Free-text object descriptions
********************
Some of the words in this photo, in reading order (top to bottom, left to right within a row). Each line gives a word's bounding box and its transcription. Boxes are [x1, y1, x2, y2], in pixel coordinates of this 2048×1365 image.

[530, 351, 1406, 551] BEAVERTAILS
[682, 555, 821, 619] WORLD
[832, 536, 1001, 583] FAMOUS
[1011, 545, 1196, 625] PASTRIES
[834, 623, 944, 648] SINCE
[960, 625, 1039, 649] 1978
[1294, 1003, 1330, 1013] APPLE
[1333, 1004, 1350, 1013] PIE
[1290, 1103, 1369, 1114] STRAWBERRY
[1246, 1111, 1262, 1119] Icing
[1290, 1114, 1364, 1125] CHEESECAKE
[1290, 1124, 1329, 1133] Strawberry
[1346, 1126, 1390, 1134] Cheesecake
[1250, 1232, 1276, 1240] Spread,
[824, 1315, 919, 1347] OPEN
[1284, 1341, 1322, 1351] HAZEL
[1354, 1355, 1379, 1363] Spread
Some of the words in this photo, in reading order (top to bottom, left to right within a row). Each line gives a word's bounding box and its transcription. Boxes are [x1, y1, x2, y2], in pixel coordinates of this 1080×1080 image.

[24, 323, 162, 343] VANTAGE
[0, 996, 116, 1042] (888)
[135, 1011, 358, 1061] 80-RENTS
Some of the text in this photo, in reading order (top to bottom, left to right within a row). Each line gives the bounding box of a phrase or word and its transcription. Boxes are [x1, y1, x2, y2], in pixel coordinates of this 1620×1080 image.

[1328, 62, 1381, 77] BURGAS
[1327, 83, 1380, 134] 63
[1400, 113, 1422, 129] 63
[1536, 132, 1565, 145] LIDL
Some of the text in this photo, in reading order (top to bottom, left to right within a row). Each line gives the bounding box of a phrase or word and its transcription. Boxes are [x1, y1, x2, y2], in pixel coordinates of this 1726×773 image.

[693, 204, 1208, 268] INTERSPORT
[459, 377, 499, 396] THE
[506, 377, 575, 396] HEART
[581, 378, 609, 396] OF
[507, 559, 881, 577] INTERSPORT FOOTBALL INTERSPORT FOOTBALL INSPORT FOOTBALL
********************
Take the entries above and write them out again unchanged.

● Solution
Some of the words in this photo, in reading order (top to bottom, left to right within a row). Each line gives a word's bounding box and its transcription. Boxes are [x1, y1, x2, y2], in pixel coordinates of this 2048×1365 image.

[530, 351, 1406, 551] BEAVERTAILS
[682, 555, 821, 619] WORLD
[832, 536, 1001, 583] FAMOUS
[1011, 545, 1196, 625] PASTRIES
[834, 623, 944, 648] SINCE
[960, 625, 1039, 649] 1978
[1294, 1003, 1330, 1013] APPLE
[1333, 1004, 1350, 1013] PIE
[1290, 1103, 1369, 1114] STRAWBERRY
[1246, 1111, 1262, 1119] Icing
[1290, 1114, 1364, 1125] CHEESECAKE
[1290, 1124, 1329, 1133] Strawberry
[1346, 1126, 1390, 1134] Cheesecake
[1250, 1232, 1276, 1240] Spread,
[824, 1315, 919, 1347] OPEN
[1284, 1341, 1322, 1351] HAZEL
[1354, 1355, 1379, 1363] Spread
Some of the words in this photo, in reading order (top to bottom, left to right within a row). Each line gives a word's bounding box and its transcription. Boxes are [x1, y1, x2, y2], in pixel coordinates of this 1080×1080 image.

[24, 323, 162, 343] VANTAGE
[0, 996, 116, 1042] (888)
[135, 1011, 358, 1061] 80-RENTS
Some of the text in this photo, in reading order (top to bottom, left to right within a row). Each line gives the bounding box of a phrase or word and its transcription. Boxes are [x1, y1, x2, y2], in pixel coordinates of this 1620×1080 image.

[1328, 62, 1381, 77] BURGAS
[1327, 83, 1380, 134] 63
[1400, 113, 1422, 129] 63
[1536, 132, 1565, 145] LIDL
Some of the text in this photo, in reading order (top to bottom, left to right within a row). Each line gives the bounding box of a phrase or word and its transcription. Boxes are [x1, y1, x2, y2], in pixel coordinates of this 1726×773 image.

[693, 204, 1208, 268] INTERSPORT
[459, 377, 499, 396] THE
[506, 377, 575, 396] HEART
[581, 378, 609, 396] OF
[507, 559, 881, 577] INTERSPORT FOOTBALL INTERSPORT FOOTBALL INSPORT FOOTBALL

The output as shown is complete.